→ Your task: Set down every entry word for word. Omit the pictures.

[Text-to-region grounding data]

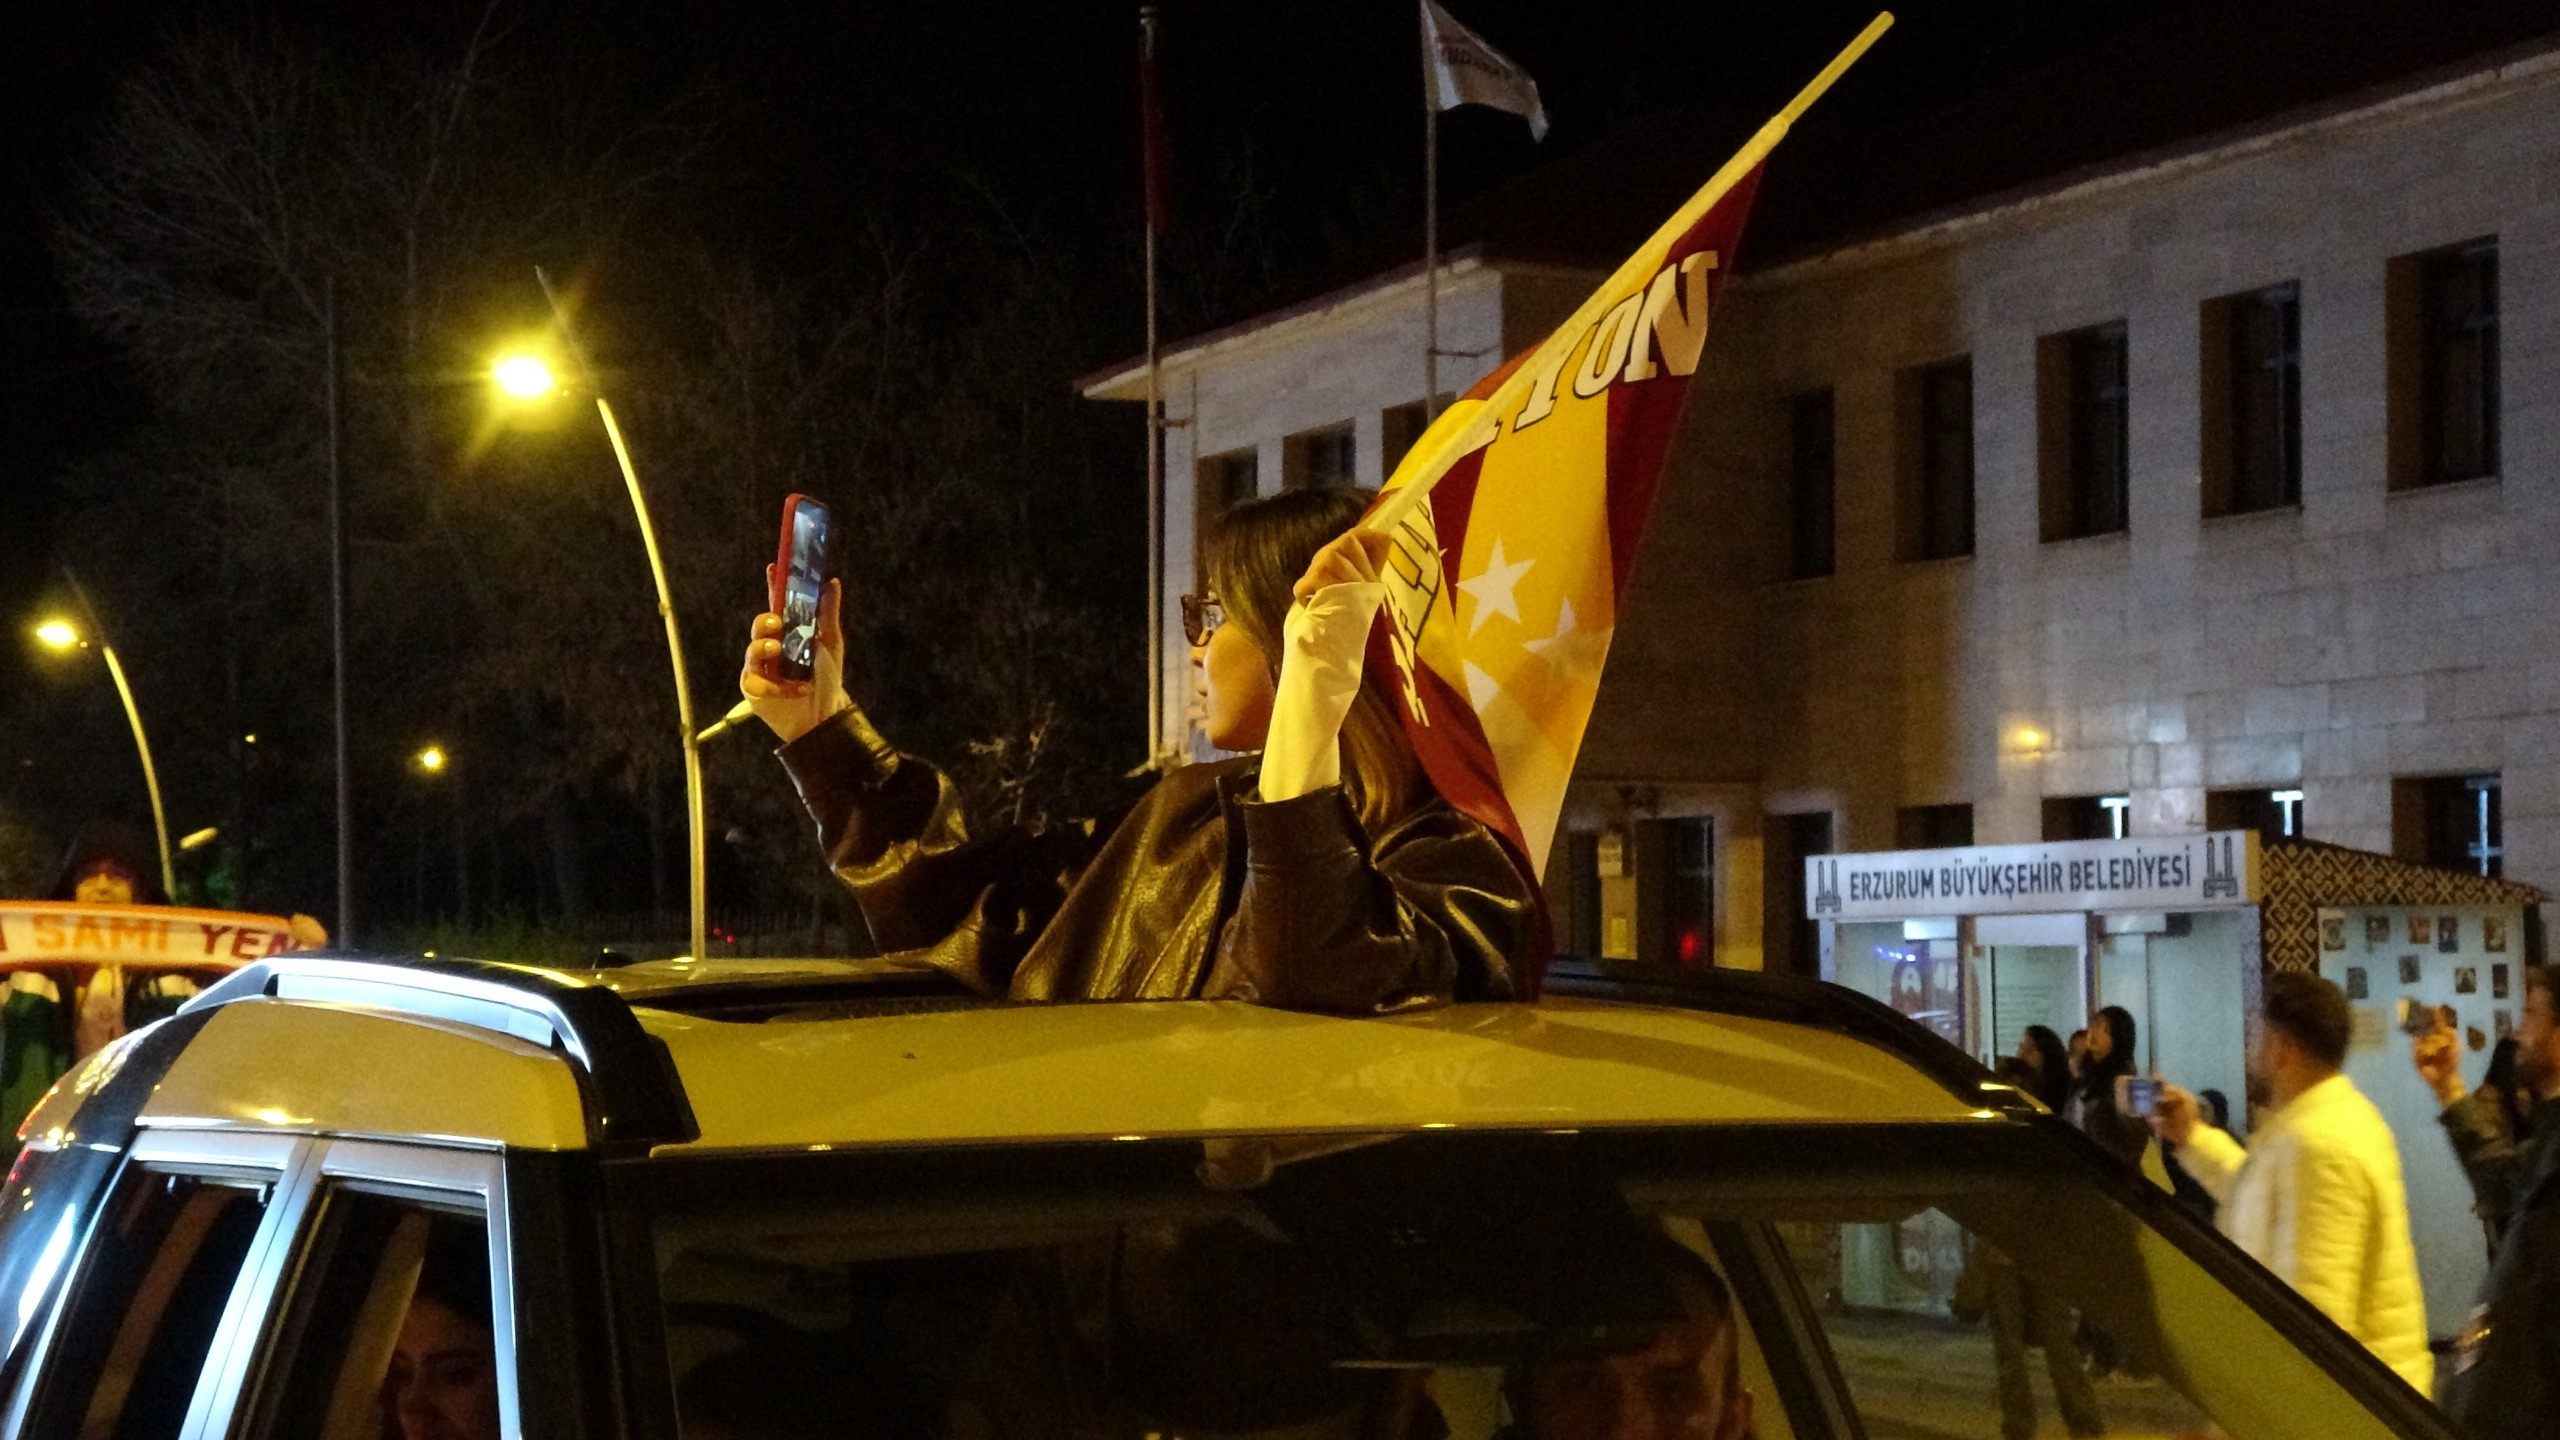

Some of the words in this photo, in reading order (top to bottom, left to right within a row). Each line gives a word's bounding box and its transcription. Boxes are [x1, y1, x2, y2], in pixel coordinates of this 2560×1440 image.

[1850, 868, 1935, 901] ERZURUM
[1940, 853, 2063, 899] BÜYÜKŞEHİR
[2069, 845, 2191, 892] BELEDİYESİ
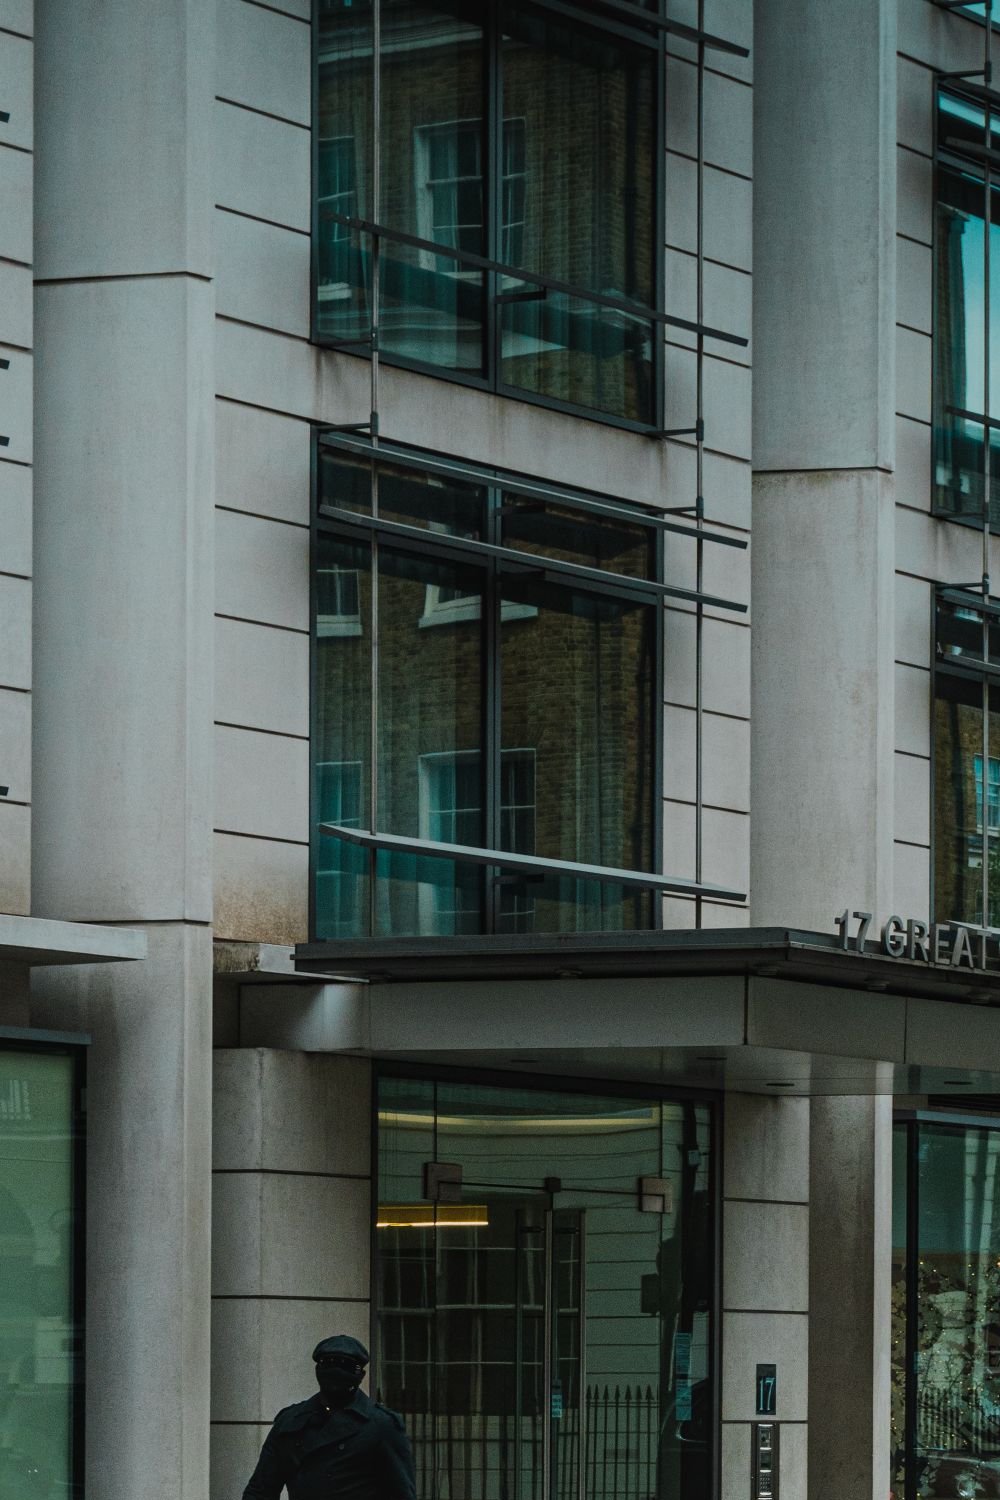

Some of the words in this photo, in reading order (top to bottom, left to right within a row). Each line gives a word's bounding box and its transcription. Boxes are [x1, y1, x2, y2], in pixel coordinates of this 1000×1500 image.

→ Expected answer:
Some of the words in this photo, in reading order (top to bottom, left to right within a row). Each line gives a word's bounding box and its transcription. Boxes are [x1, y1, x2, y2], in pixel coordinates of this 2560×1440 image.

[1850, 868, 1935, 901] ERZURUM
[1940, 853, 2063, 899] BÜYÜKŞEHİR
[2069, 845, 2191, 892] BELEDİYESİ

Some of the words in this photo, in reading order (top to bottom, left to right within a row). Each line gives a word's bounding box and its transcription. Boxes are [x1, y1, x2, y2], in pixel coordinates of this 1000×1500 image.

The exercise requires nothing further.